The Alberta Land Trust has been created to help congregations who are going through these difficult days.
“Many churches are seeking ways to continue to serve their community and pursue their mission from their current location. They face increased financial burdens, diminishing resources and rising costs. We are here to listen to their concerns and help with plans on using what already exists in a new, creative way,” said Rev. Joel Den Haan, Coordinating Consultant for the Alberta Land Trust.
The United Church of Canada Alberta Land Trust works with UCC congregations to examine their current situation and presents alternatives for churches seeking changes or possible redevelopment. The Trust also offers struggling congregations with alternatives to shutting their doors and selling their assets when rising costs and membership challenges become overwhelming.
“No congregation should feel alone in tackling difficult problems. The Alberta Trust can help in identifying creative solutions by bringing in experts in planning, financing, land development, as well as local and provincial regulations. There are alternatives for churches seeking to change or redevelop. The Trust has been established to help these churches find new mission potential in their community,” said Rev. Den Haan.

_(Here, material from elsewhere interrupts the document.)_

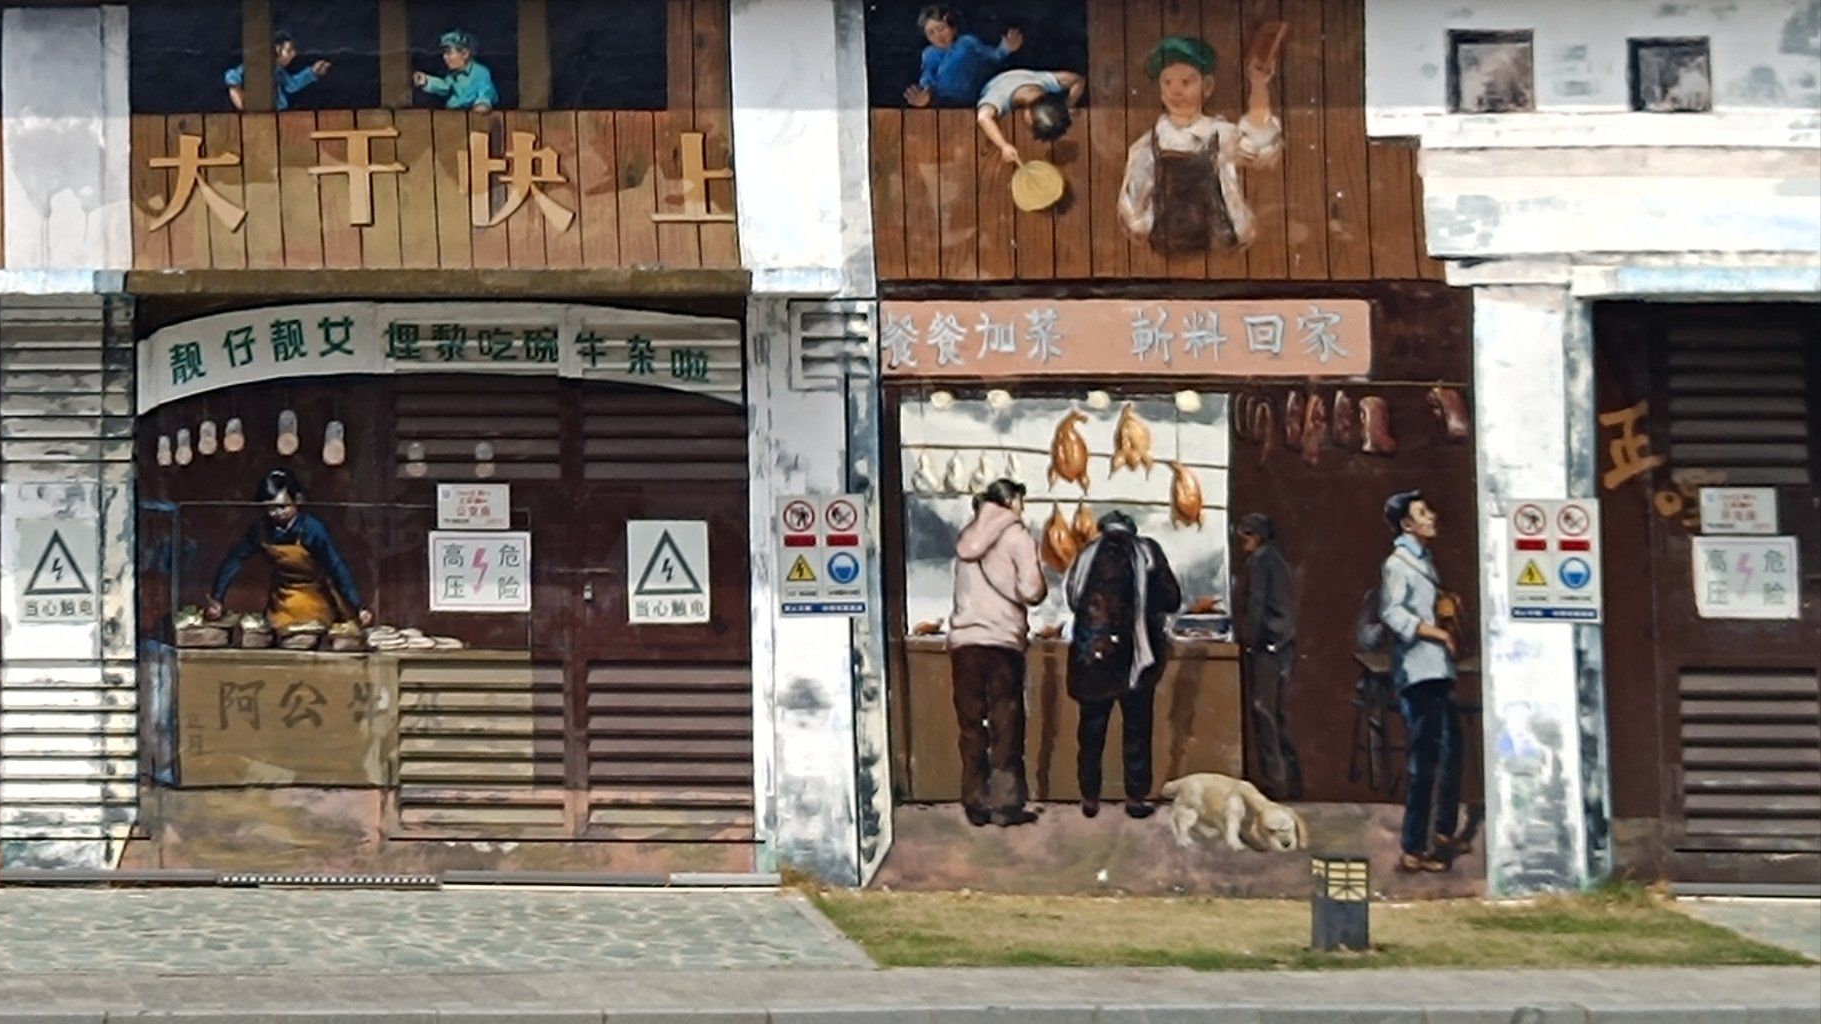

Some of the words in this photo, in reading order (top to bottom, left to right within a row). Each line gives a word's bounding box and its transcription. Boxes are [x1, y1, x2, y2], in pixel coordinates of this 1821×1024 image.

[148, 126, 734, 232] 大干快上
[880, 308, 1063, 368] 餐餐加菜

The Land Trust is a unique vision for church stewardship that has come at the right time. United Church governing bodies have been seeking solutions to the complex challenges of local church property for years. No matter if the churches are located in a downtown community of a large city or in a rural setting that’s experiencing an ageing and diminishing numbers in the congregation; there are many common problems and concerns. The United Church is resolved to remain relevant and responsive to community needs.
“Generally speaking, our United Churches want to continue to exist and to thrive well into the future. The stress of owning, operating and maintaining church property can be daunting, especially when surrounding neighbourhoods and communities are changing. Today’s rising costs, small numbers in the congregation and volunteer ‘burn-out’ are all major factors to be considered,” Den Haan explained.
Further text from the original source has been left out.